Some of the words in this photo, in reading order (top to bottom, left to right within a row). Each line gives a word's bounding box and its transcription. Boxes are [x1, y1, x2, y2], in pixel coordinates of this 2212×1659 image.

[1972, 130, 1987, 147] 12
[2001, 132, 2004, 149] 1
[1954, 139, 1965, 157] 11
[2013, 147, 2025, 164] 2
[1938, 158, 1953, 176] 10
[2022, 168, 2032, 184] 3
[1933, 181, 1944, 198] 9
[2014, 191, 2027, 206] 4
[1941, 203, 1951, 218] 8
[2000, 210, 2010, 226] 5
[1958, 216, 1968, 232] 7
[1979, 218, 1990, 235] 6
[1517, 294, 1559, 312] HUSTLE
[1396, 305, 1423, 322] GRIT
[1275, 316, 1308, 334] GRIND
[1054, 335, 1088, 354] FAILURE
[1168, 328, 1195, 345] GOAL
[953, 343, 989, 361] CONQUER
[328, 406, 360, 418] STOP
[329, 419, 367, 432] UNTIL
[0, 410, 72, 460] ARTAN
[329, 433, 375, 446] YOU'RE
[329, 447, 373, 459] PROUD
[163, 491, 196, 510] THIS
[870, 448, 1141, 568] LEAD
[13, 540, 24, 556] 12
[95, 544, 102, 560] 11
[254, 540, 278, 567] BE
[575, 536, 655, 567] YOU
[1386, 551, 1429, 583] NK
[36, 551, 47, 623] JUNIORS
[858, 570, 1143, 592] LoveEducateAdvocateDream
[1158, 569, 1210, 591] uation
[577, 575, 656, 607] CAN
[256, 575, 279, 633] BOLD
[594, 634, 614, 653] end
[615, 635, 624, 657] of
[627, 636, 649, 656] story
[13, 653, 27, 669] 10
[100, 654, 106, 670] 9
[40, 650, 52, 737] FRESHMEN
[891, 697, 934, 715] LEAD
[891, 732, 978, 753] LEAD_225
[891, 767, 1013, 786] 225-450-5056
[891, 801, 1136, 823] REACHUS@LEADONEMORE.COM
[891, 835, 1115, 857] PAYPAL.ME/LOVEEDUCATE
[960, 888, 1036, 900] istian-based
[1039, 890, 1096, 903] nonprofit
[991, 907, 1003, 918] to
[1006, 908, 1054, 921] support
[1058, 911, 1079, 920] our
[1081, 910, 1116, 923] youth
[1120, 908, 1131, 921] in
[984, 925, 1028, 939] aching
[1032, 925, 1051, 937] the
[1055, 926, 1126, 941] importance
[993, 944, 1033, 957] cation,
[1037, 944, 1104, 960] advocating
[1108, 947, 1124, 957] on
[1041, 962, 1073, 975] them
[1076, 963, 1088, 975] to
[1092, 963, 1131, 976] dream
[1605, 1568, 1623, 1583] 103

########

> [WORK REQUEST]:
Each of the records should be written out again, exactly as it reads.

> [REPLY]:
Some of the words in this photo, in reading order (top to bottom, left to right within a row). Each line gives a word's bounding box and its transcription. Boxes are [x1, y1, x2, y2], in pixel coordinates of this 2212×1659 image.

[1972, 130, 1987, 147] 12
[2001, 132, 2004, 149] 1
[1954, 139, 1965, 157] 11
[2013, 147, 2025, 164] 2
[1938, 158, 1953, 176] 10
[2022, 168, 2032, 184] 3
[1933, 181, 1944, 198] 9
[2014, 191, 2027, 206] 4
[1941, 203, 1951, 218] 8
[2000, 210, 2010, 226] 5
[1958, 216, 1968, 232] 7
[1979, 218, 1990, 235] 6
[1517, 294, 1559, 312] HUSTLE
[1396, 305, 1423, 322] GRIT
[1275, 316, 1308, 334] GRIND
[1054, 335, 1088, 354] FAILURE
[1168, 328, 1195, 345] GOAL
[953, 343, 989, 361] CONQUER
[328, 406, 360, 418] STOP
[329, 419, 367, 432] UNTIL
[0, 410, 72, 460] ARTAN
[329, 433, 375, 446] YOU'RE
[329, 447, 373, 459] PROUD
[163, 491, 196, 510] THIS
[870, 448, 1141, 568] LEAD
[13, 540, 24, 556] 12
[95, 544, 102, 560] 11
[254, 540, 278, 567] BE
[575, 536, 655, 567] YOU
[1386, 551, 1429, 583] NK
[36, 551, 47, 623] JUNIORS
[858, 570, 1143, 592] LoveEducateAdvocateDream
[1158, 569, 1210, 591] uation
[577, 575, 656, 607] CAN
[256, 575, 279, 633] BOLD
[594, 634, 614, 653] end
[615, 635, 624, 657] of
[627, 636, 649, 656] story
[13, 653, 27, 669] 10
[100, 654, 106, 670] 9
[40, 650, 52, 737] FRESHMEN
[891, 697, 934, 715] LEAD
[891, 732, 978, 753] LEAD_225
[891, 767, 1013, 786] 225-450-5056
[891, 801, 1136, 823] REACHUS@LEADONEMORE.COM
[891, 835, 1115, 857] PAYPAL.ME/LOVEEDUCATE
[960, 888, 1036, 900] istian-based
[1039, 890, 1096, 903] nonprofit
[991, 907, 1003, 918] to
[1006, 908, 1054, 921] support
[1058, 911, 1079, 920] our
[1081, 910, 1116, 923] youth
[1120, 908, 1131, 921] in
[984, 925, 1028, 939] aching
[1032, 925, 1051, 937] the
[1055, 926, 1126, 941] importance
[993, 944, 1033, 957] cation,
[1037, 944, 1104, 960] advocating
[1108, 947, 1124, 957] on
[1041, 962, 1073, 975] them
[1076, 963, 1088, 975] to
[1092, 963, 1131, 976] dream
[1605, 1568, 1623, 1583] 103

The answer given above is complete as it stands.